Part Compatibility & Amplifier Repair

Discussion in 'General Electronics Chat' started by normalicy, Apr 4, 2005.

  1. normalicy

    Thread Starter New Member

    Jun 17, 2004
    2
    0
    OK, I'm not a genious with electronics, but I'm darn good with a soldering iron & have repaired more things than I would have expected. However, some things still elude me. I was wondering, I have an amplifier that uses IRF540 transistors & they are blown. I was surfing ebay & saw that there were some IRF540N transistors for sale at a very good price & was wondering if these were interchangable & how I would know if they were? Or for that matter if I can use a completely different one or one with higher power capacity?

    Also on a different note, I replaced some blown transistors on a different amp that I have & now when I turn it on, it gets really hot real quick (seconds). Of course it still doesn't put out any sound, where would I look next for the fault? I'm sure that it would help to do all sorts of tests with my multimeter & and osilloscope, but I really don't know if it's worth spending hours troubleshooting this thing.

    Thanks
     
  2. mozikluv

    AAC Fanatic!

    Jan 22, 2004
    1,437
    1
    hi,

    let's tackle first the IRF540 issue. there are several manufacturers of this 540 series. IRF & fairchild has an Rds - 0.077ohms 28A 100v while ST has an Rds - 0.055ohms 22A 100v and SGS-Thompson has an Rds - 0.065 & 0.050 30A the Rds is your reference for proper biasing of this device.

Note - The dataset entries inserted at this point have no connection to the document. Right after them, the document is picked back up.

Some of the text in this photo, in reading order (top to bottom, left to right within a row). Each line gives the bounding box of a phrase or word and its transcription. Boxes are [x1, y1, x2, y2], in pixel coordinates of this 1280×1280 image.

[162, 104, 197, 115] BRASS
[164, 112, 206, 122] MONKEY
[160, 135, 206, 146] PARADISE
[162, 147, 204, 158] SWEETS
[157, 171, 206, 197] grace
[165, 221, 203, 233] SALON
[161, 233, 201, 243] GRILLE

    another parameter is the 540 has a transconductance of 8.7S

    the question is, whose is the manufacturer of your blown power mosfet.

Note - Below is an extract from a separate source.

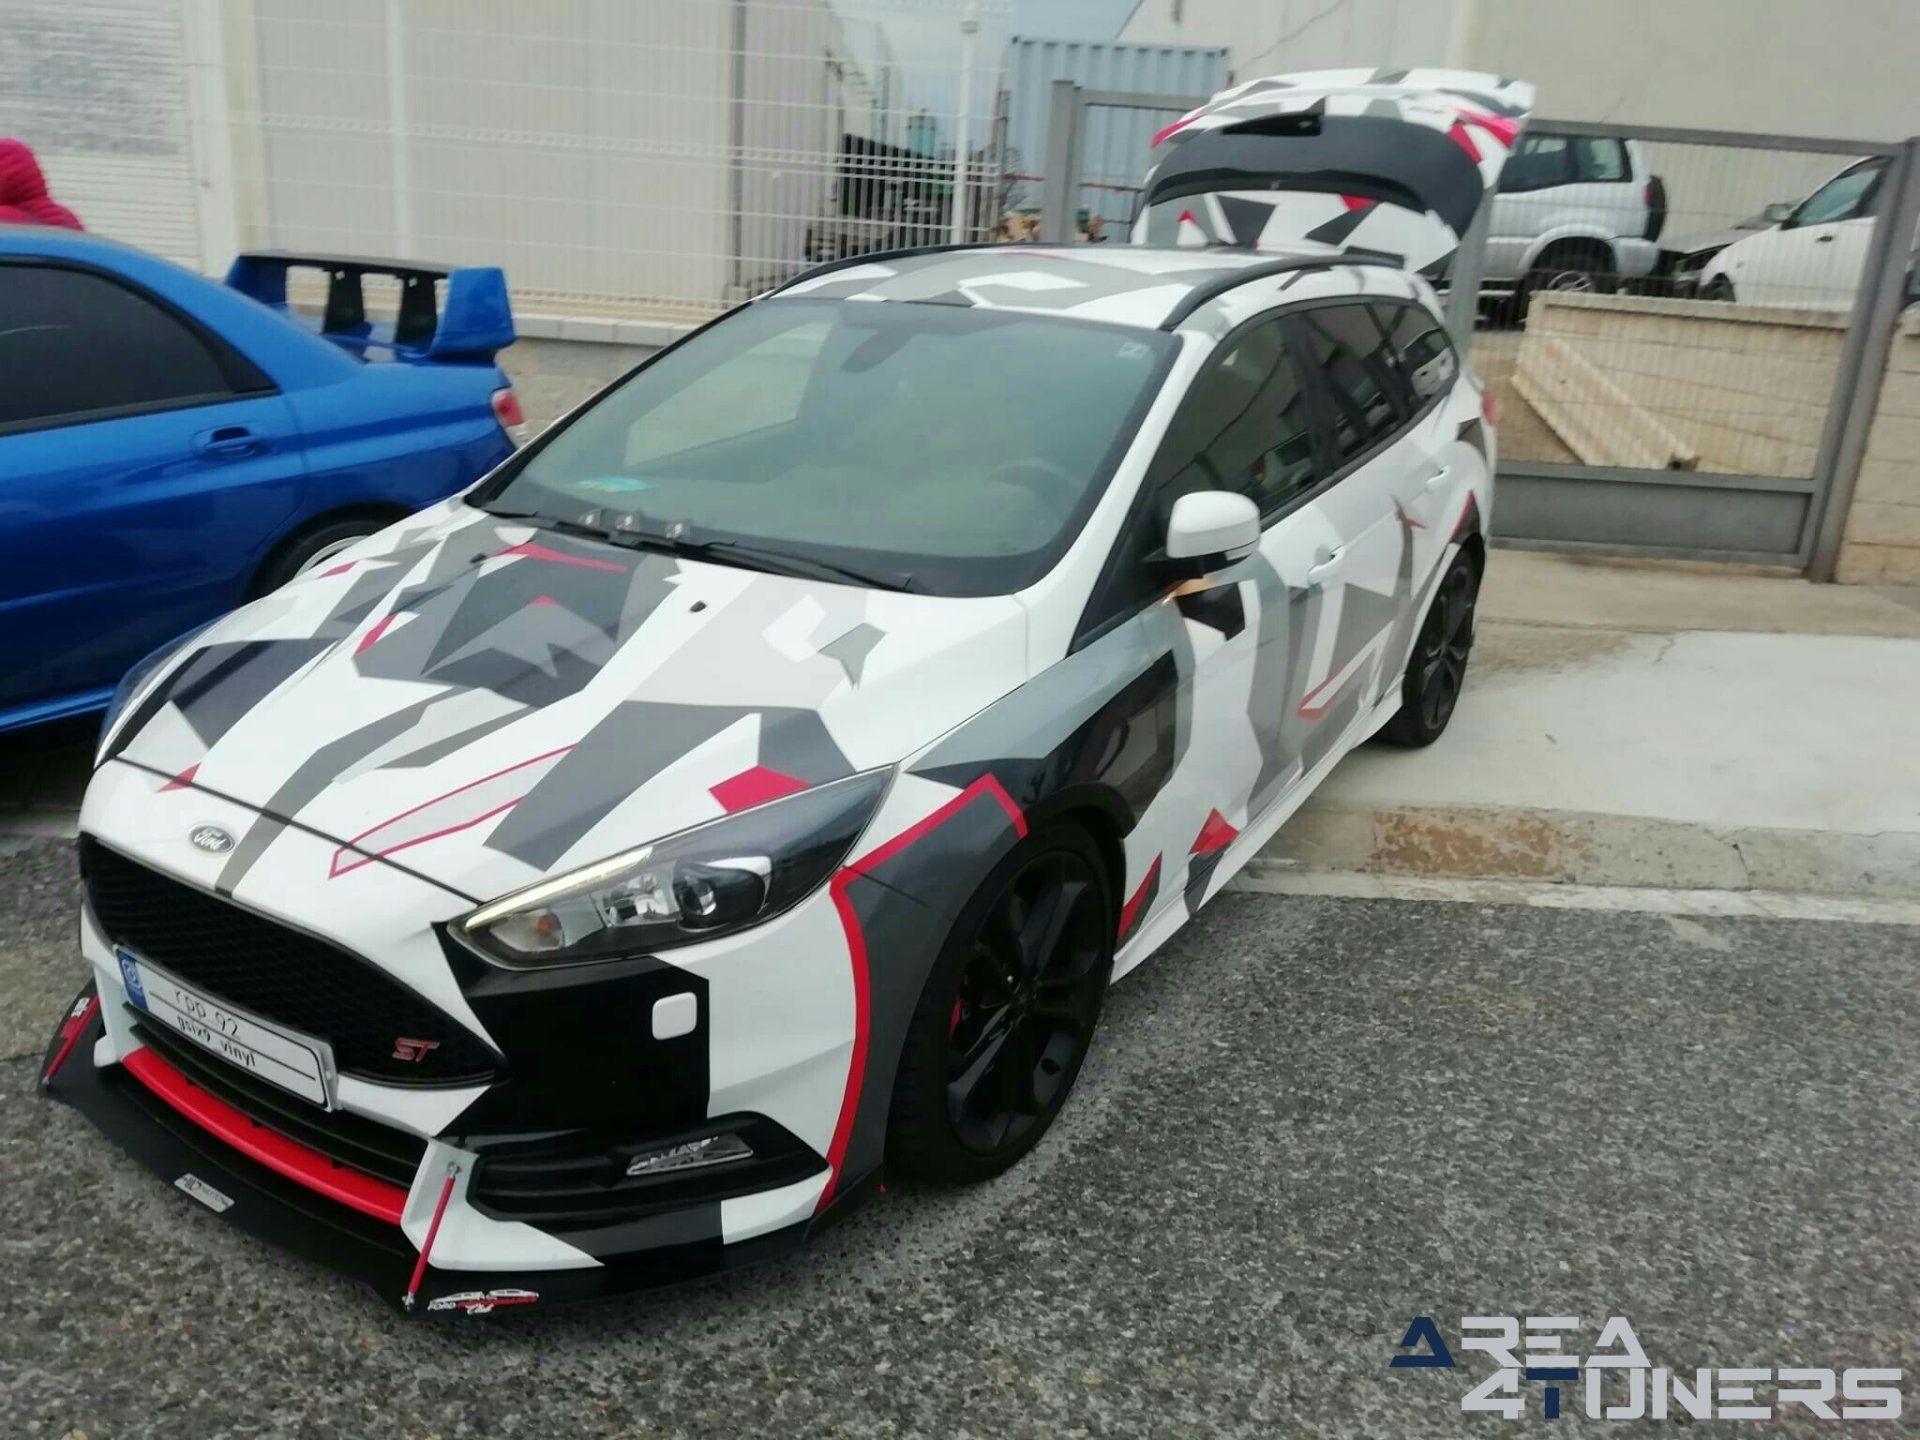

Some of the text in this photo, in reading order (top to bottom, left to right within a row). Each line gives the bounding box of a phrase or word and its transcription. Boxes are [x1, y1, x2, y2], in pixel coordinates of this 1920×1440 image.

[193, 829, 228, 851] Ford
[215, 1011, 241, 1040] 92
[220, 1040, 256, 1067] vinyl
[391, 1037, 440, 1062] ST

    the IRF540N is rated at 100v Rds - 44mohms Id - 33A gfs - 21

    personally i would only replace that with the exact spec of the original. likewise replace also the complimentary pair of that device. if this one has blown the complimentary mosfet is also affected.

    there's no point in replacing that with a higher capacity, you are only wasting the mosfet capability by still having the same supply rail and biases.

    as to your other problem of fast heating output transistors. these are some possible areas to look at:
    1. output transistor emitter resistor has change value
    2. driver transistor base resistor has shorted or change value
    3. check the voltage amplifier stage trimmer resistor
    4. your output transistor is probably oscillating, check the miller caps.